Every uploaded export has a status field in the exports D1 table that drives all processing decisions.


State Machine

                         ┌─────────────────┐
                         │  pending_source  │ ← no source_id assigned
                         └────────┬────────┘
                                  │ source assigned (UI or /admin/exports/assign-source)
                                  ▼
upload → ─────────────────────► queued
                                  │ queue consumer picks up message
                                  ▼
                             processing
                           /             \
          quota exhausted /               \ all days processed
                         ▼               ▼
             (re-enqueued         weekly_processing
              with delay)               │ weekly summaries generated
                                        ▼
                                    completed
                                        
At any stage: ──────────────────────► failed

Status Definitions

StatusMeaning
pending_sourceUploaded but no source_id assigned; not processed.
queuedIn queue or waiting to be picked up.
processingQueue consumer is actively parsing and generating daily digests.
weekly_processingDaily digests complete; generating weekly summaries.
completedAll digests and summaries generated successfully.
failedProcessing failed; error_message contains details and retry count.

Transition Conditions

queued → processing

Queue consumer reads the export from R2, validates source_id, and updates status.

processing → weekly_processing

All days in the export have been processed (days_processed = days_total). The pipeline then queues weekly summary generation.

weekly_processing → completed

finalizeCompletedWeeklyExports() (cron) detects that weeks_processed >= weeks_total or that weekly work is already complete and sets status = 'completed'.

* → failed

Any unhandled error during processing sets status to failed and records the error in error_message.

failed → queued (auto-retry)

retryRecoverableFailedExports() (cron) checks failed exports every 5 minutes. If the error is recoverable (quota, transient network, etc.) and AUTO_RETRY_MAX_ATTEMPTS has not been reached, the export is reset to queued and re-enqueued.


Cron Retry Logic

The cron (*/5 * * * *) uses this query to find stuck exports:

SELECT * FROM exports
WHERE status IN ('processing', 'weekly_processing', 'queued')
  AND (days_processed < days_total OR weeks_processed < weeks_total OR status = 'queued')
  AND minutes_since_update >= 10

Important: The cron only retries processing, weekly_processing, and queued exports. Exports with status = 'completed' are never automatically retried — even if they have zero daily digests (e.g., because quota exhausted after writing hashes but before generating digests). To re-trigger a completed export with missing digests: reset its status to processing via D1 or use the /replay/export endpoint.


Manual Recovery

Re-queue a stuck export

POST /replay/export
{ "export_id": "...", "community_id": "..." }

Reads the raw export from R2 and re-enqueues it. Fails if the raw R2 object has already been deleted.

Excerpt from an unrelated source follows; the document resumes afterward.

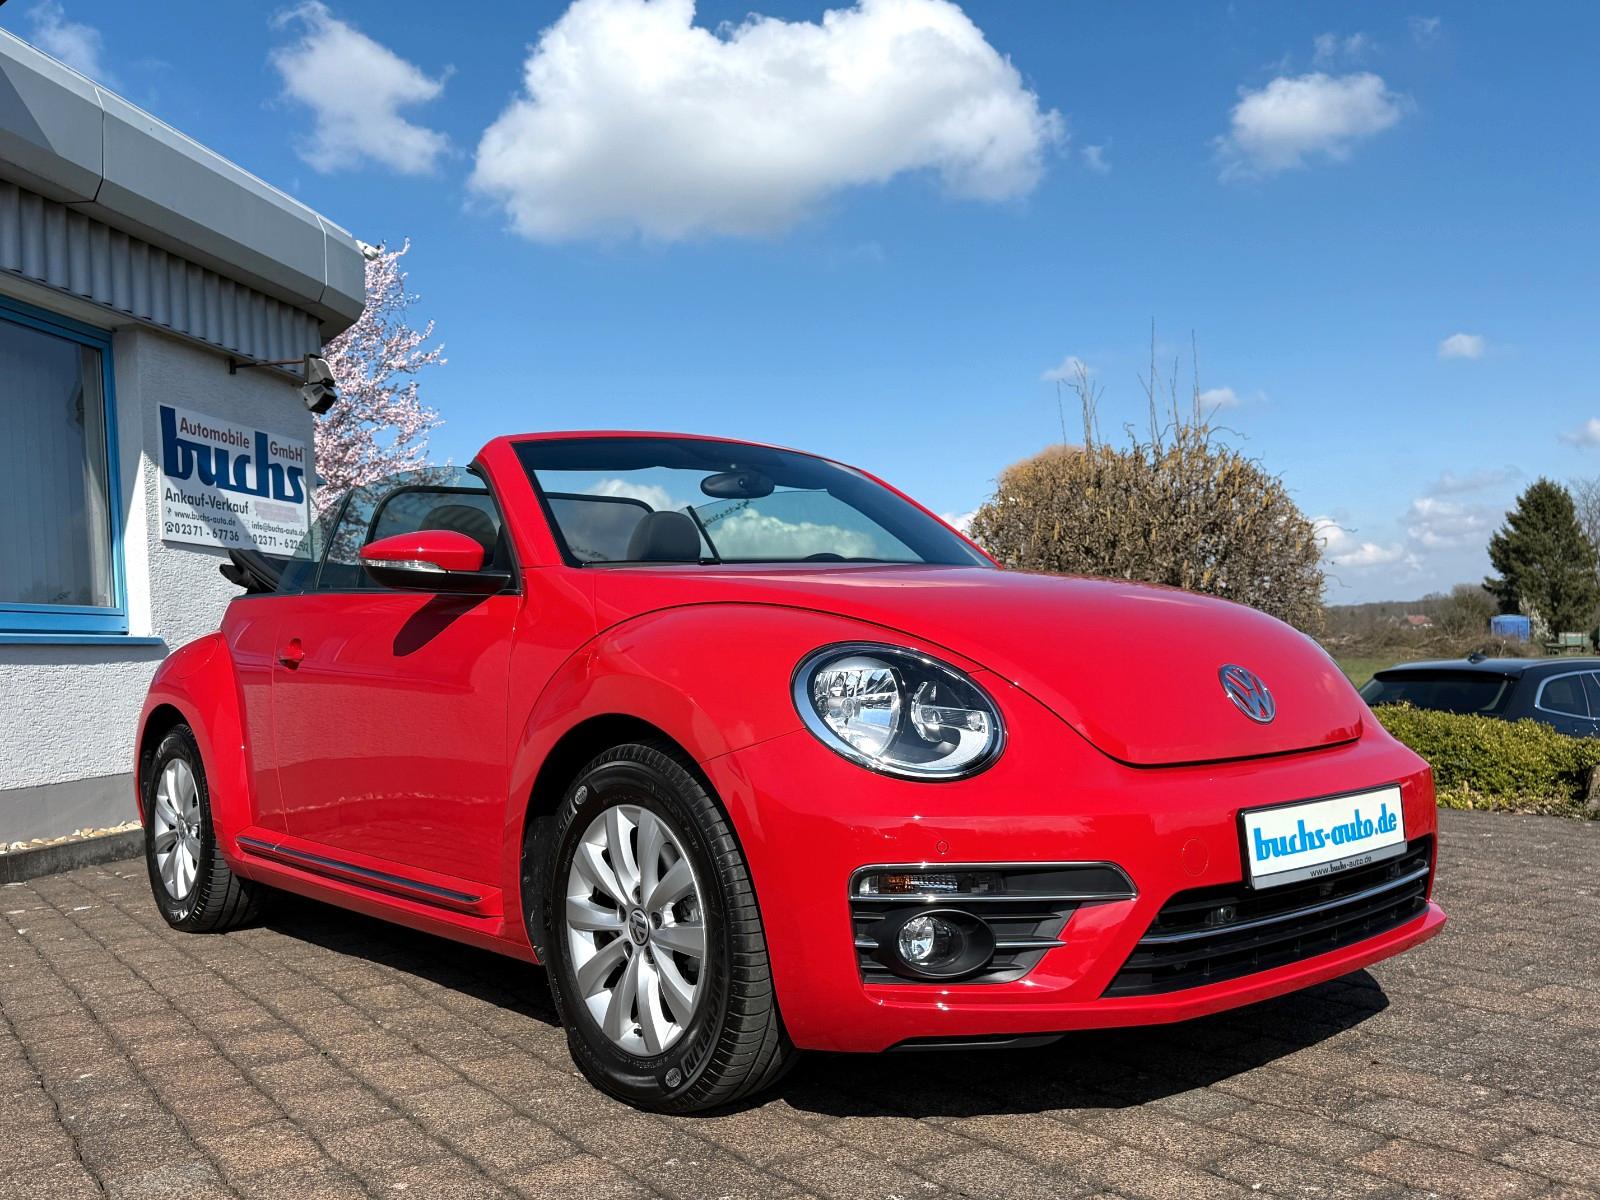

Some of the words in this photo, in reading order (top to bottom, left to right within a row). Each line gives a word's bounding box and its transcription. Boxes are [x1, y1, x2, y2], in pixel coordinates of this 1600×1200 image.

Re-queue all exports for a community

POST /replay/all
{ "community_id": "...", "clear_first": false }

Skips exports whose raw R2 object is missing and reports how many were skipped.

Re-queue stuck exports manually

POST /replay/stuck
{ "community_id": "...", "max_age_minutes": 10 }

Defaults to 30-minute staleness threshold at the API layer.


Raw Export Retention

Raw exports stored in R2 are subject to automatic cleanup:

ScenarioDefault retention
Completed processing, no pending media72 hours after completion
Failed processing168 hours after failure
Pending media still attachedHeld until media is complete or quota clears

Cleanup runs in batches of 75 per cron tick (raised from 25 in April 2026). Once the raw object is deleted, replay from R2 is no longer possible.


Source Assignment

Exports uploaded without a source_id are immediately set to pending_source and are not processed until a source is assigned. If the community has exactly one source configured in chat_sources, the worker auto-assigns it at upload time. Otherwise, use the admin UI or /admin/exports/assign-source.


Progress Tracking

ColumnMeaning
days_totalNumber of unique dates in the export file
days_processedDays for which daily digests have been written
weeks_totalNumber of weeks containing daily data
weeks_processedWeeks for which weekly summaries have been written

days_processed = days_total does not guarantee all daily digests exist — it means the processing loop completed. The pipeline queries daily_digests directly to determine which days still need work. See ingest for the duplicate-only path.